No images, please. Copy each entry below exactly as it reads.

Records for the exercise Block Start

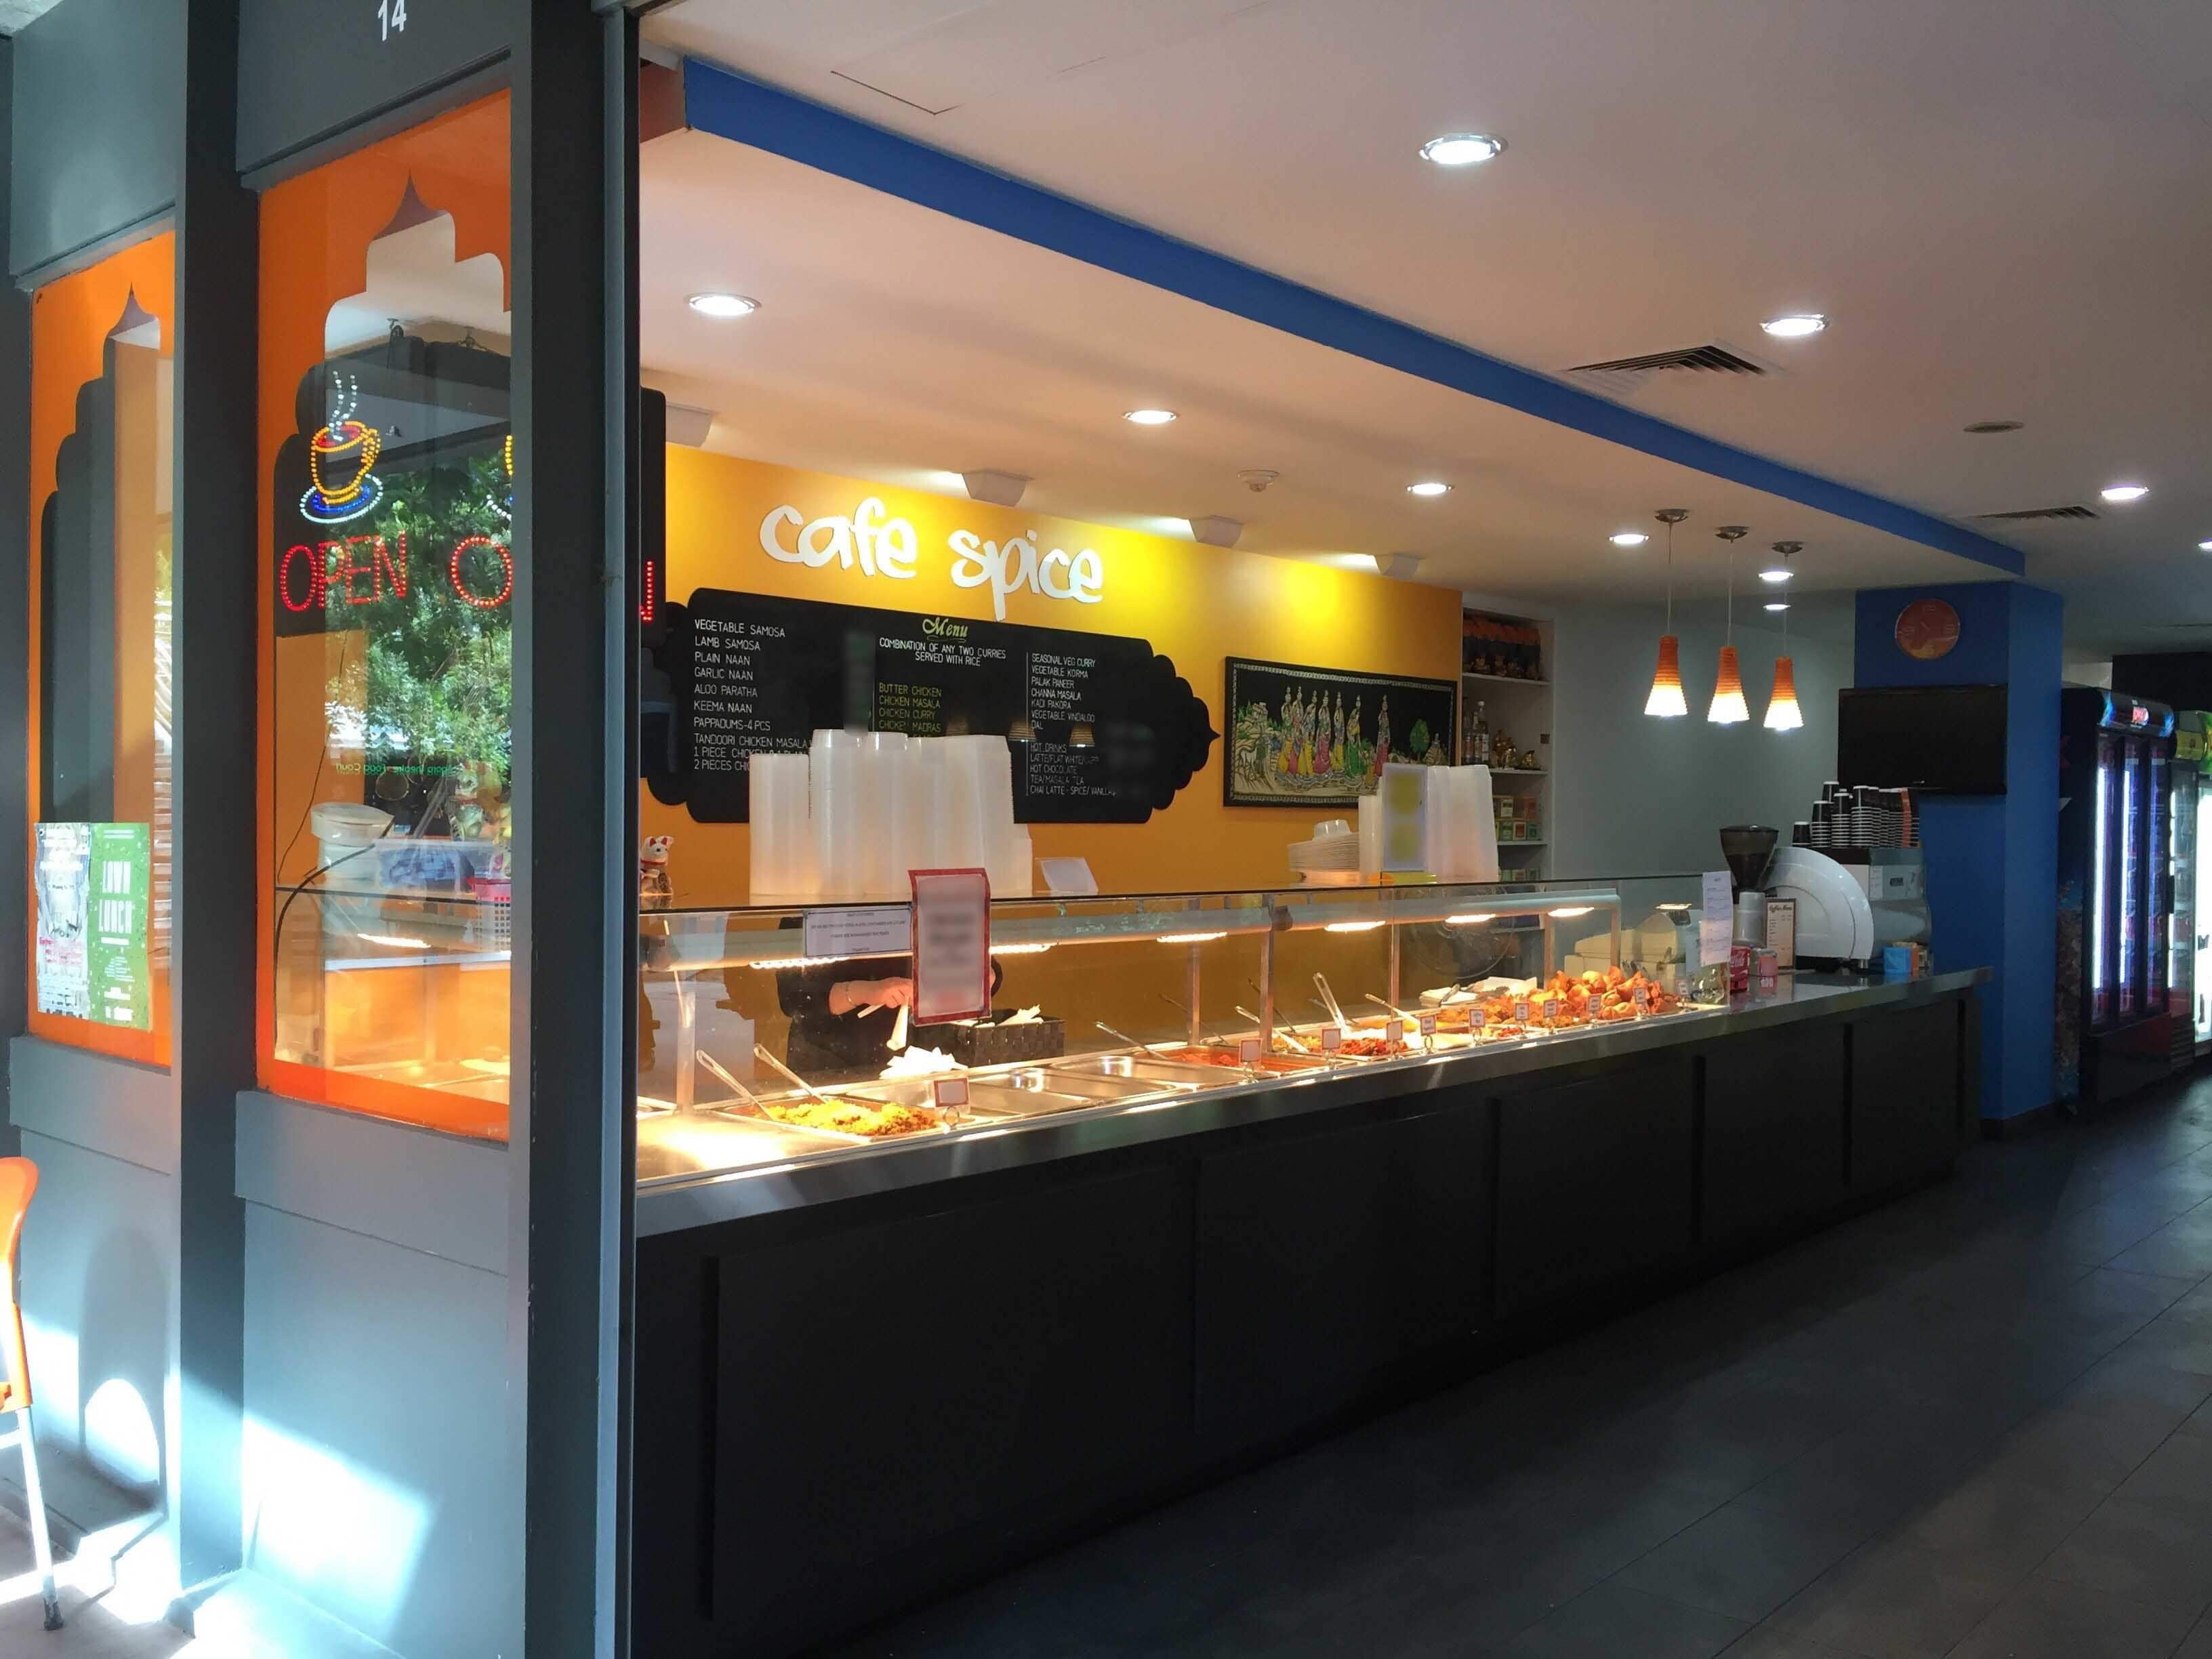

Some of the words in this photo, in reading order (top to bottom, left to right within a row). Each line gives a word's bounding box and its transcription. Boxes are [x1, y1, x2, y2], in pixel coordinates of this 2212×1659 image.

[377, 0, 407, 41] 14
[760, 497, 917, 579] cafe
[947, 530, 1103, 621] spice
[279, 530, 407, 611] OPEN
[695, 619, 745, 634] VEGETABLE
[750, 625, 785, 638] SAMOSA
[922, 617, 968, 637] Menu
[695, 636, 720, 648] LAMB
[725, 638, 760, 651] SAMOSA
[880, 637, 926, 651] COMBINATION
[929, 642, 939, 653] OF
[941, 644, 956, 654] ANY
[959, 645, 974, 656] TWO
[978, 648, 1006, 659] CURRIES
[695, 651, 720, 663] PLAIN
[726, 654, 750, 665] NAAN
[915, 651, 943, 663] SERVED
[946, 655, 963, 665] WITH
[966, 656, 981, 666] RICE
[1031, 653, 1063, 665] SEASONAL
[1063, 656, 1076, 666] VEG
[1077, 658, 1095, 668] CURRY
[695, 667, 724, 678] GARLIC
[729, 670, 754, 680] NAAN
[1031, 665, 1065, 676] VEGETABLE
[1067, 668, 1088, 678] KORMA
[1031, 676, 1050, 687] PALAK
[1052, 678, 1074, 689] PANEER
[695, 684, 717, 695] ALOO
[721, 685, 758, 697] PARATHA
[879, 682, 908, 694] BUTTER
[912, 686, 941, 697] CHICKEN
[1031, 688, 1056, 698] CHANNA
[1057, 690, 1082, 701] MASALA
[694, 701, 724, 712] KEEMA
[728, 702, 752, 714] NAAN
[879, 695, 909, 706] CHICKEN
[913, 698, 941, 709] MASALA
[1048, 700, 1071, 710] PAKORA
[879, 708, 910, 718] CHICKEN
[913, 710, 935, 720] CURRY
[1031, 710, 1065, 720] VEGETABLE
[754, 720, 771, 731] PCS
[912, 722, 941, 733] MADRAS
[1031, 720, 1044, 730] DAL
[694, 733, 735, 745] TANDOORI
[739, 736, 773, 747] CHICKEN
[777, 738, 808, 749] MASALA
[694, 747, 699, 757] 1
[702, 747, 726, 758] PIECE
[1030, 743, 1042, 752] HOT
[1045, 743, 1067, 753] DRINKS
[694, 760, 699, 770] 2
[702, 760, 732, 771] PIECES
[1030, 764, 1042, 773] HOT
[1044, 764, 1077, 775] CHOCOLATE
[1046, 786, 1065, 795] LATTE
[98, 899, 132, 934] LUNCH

Records for the exercise Block End

_Solved problem_
Some of the words in this photo, in reading order (top to bottom, left to right within a row). Each line gives a word's bounding box and its transcription. Boxes are [x1, y1, x2, y2], in pixel coordinates of this 2212×1659 image.

[377, 0, 407, 41] 14
[760, 497, 917, 579] cafe
[947, 530, 1103, 621] spice
[279, 530, 407, 611] OPEN
[695, 619, 745, 634] VEGETABLE
[750, 625, 785, 638] SAMOSA
[922, 617, 968, 637] Menu
[695, 636, 720, 648] LAMB
[725, 638, 760, 651] SAMOSA
[880, 637, 926, 651] COMBINATION
[929, 642, 939, 653] OF
[941, 644, 956, 654] ANY
[959, 645, 974, 656] TWO
[978, 648, 1006, 659] CURRIES
[695, 651, 720, 663] PLAIN
[726, 654, 750, 665] NAAN
[915, 651, 943, 663] SERVED
[946, 655, 963, 665] WITH
[966, 656, 981, 666] RICE
[1031, 653, 1063, 665] SEASONAL
[1063, 656, 1076, 666] VEG
[1077, 658, 1095, 668] CURRY
[695, 667, 724, 678] GARLIC
[729, 670, 754, 680] NAAN
[1031, 665, 1065, 676] VEGETABLE
[1067, 668, 1088, 678] KORMA
[1031, 676, 1050, 687] PALAK
[1052, 678, 1074, 689] PANEER
[695, 684, 717, 695] ALOO
[721, 685, 758, 697] PARATHA
[879, 682, 908, 694] BUTTER
[912, 686, 941, 697] CHICKEN
[1031, 688, 1056, 698] CHANNA
[1057, 690, 1082, 701] MASALA
[694, 701, 724, 712] KEEMA
[728, 702, 752, 714] NAAN
[879, 695, 909, 706] CHICKEN
[913, 698, 941, 709] MASALA
[1048, 700, 1071, 710] PAKORA
[879, 708, 910, 718] CHICKEN
[913, 710, 935, 720] CURRY
[1031, 710, 1065, 720] VEGETABLE
[754, 720, 771, 731] PCS
[912, 722, 941, 733] MADRAS
[1031, 720, 1044, 730] DAL
[694, 733, 735, 745] TANDOORI
[739, 736, 773, 747] CHICKEN
[777, 738, 808, 749] MASALA
[694, 747, 699, 757] 1
[702, 747, 726, 758] PIECE
[1030, 743, 1042, 752] HOT
[1045, 743, 1067, 753] DRINKS
[694, 760, 699, 770] 2
[702, 760, 732, 771] PIECES
[1030, 764, 1042, 773] HOT
[1044, 764, 1077, 775] CHOCOLATE
[1046, 786, 1065, 795] LATTE
[98, 899, 132, 934] LUNCH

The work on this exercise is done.